REQUIREMENT ->
Can you quote the lines below exactly, starting at the line with "this 1250×1667 image." and going through the last one?

*** EXERCISE DATA Section Begins ***

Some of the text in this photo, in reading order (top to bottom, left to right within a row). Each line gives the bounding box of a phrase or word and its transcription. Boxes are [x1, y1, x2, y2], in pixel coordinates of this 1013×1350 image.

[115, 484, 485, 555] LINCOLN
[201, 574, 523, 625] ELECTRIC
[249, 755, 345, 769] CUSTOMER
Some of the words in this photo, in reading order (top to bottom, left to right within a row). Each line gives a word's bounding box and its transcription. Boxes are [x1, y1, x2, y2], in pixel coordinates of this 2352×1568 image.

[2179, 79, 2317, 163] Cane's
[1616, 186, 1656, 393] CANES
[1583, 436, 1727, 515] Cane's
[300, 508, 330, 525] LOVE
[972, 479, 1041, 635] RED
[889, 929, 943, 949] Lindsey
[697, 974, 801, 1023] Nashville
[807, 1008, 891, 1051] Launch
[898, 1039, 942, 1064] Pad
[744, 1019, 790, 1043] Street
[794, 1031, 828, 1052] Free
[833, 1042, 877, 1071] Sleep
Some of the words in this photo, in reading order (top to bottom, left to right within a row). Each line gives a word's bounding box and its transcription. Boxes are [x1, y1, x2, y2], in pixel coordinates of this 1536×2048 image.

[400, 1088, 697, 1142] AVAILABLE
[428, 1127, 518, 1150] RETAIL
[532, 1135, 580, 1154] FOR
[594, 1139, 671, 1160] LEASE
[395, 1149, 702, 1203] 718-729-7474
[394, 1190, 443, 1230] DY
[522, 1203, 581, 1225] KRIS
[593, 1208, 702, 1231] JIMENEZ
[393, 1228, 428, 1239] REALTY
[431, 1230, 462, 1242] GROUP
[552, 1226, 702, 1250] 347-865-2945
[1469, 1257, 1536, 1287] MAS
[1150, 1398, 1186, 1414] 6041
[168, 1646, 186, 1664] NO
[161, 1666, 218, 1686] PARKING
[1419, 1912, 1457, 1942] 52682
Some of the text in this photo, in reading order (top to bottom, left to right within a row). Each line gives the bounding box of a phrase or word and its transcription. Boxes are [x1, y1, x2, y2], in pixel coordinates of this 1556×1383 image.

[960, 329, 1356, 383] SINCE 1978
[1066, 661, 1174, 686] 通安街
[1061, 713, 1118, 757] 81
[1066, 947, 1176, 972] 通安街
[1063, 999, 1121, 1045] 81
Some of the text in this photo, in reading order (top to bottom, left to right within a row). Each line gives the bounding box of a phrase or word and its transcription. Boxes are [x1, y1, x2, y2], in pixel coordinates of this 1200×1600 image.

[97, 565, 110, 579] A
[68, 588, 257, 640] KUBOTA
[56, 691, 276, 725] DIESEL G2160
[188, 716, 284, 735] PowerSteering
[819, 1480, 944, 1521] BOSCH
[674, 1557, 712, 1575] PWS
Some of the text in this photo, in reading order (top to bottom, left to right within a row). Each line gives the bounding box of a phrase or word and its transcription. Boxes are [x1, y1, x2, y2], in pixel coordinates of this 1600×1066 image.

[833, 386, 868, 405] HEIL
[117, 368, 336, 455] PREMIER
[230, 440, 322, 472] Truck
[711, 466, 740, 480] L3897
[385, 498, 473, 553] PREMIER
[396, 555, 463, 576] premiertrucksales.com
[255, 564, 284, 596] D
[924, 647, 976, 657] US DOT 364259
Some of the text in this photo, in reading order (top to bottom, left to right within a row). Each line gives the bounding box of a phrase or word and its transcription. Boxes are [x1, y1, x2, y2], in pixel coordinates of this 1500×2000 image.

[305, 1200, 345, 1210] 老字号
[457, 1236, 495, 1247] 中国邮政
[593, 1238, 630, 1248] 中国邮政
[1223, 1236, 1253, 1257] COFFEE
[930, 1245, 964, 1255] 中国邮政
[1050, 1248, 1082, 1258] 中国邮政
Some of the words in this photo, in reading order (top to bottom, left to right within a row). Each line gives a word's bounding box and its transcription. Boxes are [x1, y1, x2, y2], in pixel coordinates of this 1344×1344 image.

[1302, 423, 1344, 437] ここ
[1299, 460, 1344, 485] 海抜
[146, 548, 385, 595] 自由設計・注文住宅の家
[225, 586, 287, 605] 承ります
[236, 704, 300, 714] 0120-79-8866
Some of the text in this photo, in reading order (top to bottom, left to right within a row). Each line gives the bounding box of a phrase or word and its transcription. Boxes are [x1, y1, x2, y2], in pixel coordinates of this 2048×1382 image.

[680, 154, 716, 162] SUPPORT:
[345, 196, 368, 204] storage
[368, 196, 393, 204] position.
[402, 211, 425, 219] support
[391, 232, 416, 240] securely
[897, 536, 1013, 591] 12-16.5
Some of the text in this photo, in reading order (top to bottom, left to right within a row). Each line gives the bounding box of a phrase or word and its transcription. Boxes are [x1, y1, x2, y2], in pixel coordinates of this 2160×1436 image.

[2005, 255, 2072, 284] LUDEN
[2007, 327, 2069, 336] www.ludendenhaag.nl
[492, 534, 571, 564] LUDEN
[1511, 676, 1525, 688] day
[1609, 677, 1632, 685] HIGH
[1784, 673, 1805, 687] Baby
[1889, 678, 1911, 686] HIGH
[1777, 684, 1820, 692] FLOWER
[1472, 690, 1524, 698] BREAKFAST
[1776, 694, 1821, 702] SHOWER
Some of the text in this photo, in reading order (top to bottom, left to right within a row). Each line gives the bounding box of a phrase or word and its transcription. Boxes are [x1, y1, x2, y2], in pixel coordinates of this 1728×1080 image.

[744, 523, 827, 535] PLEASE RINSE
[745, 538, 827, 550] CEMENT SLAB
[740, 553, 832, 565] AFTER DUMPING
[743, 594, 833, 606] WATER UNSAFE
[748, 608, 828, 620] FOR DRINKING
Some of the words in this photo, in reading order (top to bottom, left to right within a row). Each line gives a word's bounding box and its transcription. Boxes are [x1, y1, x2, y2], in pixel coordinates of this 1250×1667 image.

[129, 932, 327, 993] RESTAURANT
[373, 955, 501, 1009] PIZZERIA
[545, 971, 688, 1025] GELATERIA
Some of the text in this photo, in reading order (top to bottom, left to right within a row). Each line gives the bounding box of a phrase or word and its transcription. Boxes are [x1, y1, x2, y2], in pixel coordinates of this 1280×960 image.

*** EXERCISE DATA Section Ends ***

YOUR SOLUTION ->
Some of the words in this photo, in reading order (top to bottom, left to right within a row). Each line gives a word's bounding box and its transcription. Boxes are [x1, y1, x2, y2], in pixel coordinates of this 1250×1667 image.

[129, 932, 327, 993] RESTAURANT
[373, 955, 501, 1009] PIZZERIA
[545, 971, 688, 1025] GELATERIA
Some of the text in this photo, in reading order (top to bottom, left to right within a row). Each line gives the bounding box of a phrase or word and its transcription. Boxes are [x1, y1, x2, y2], in pixel coordinates of this 1280×960 image.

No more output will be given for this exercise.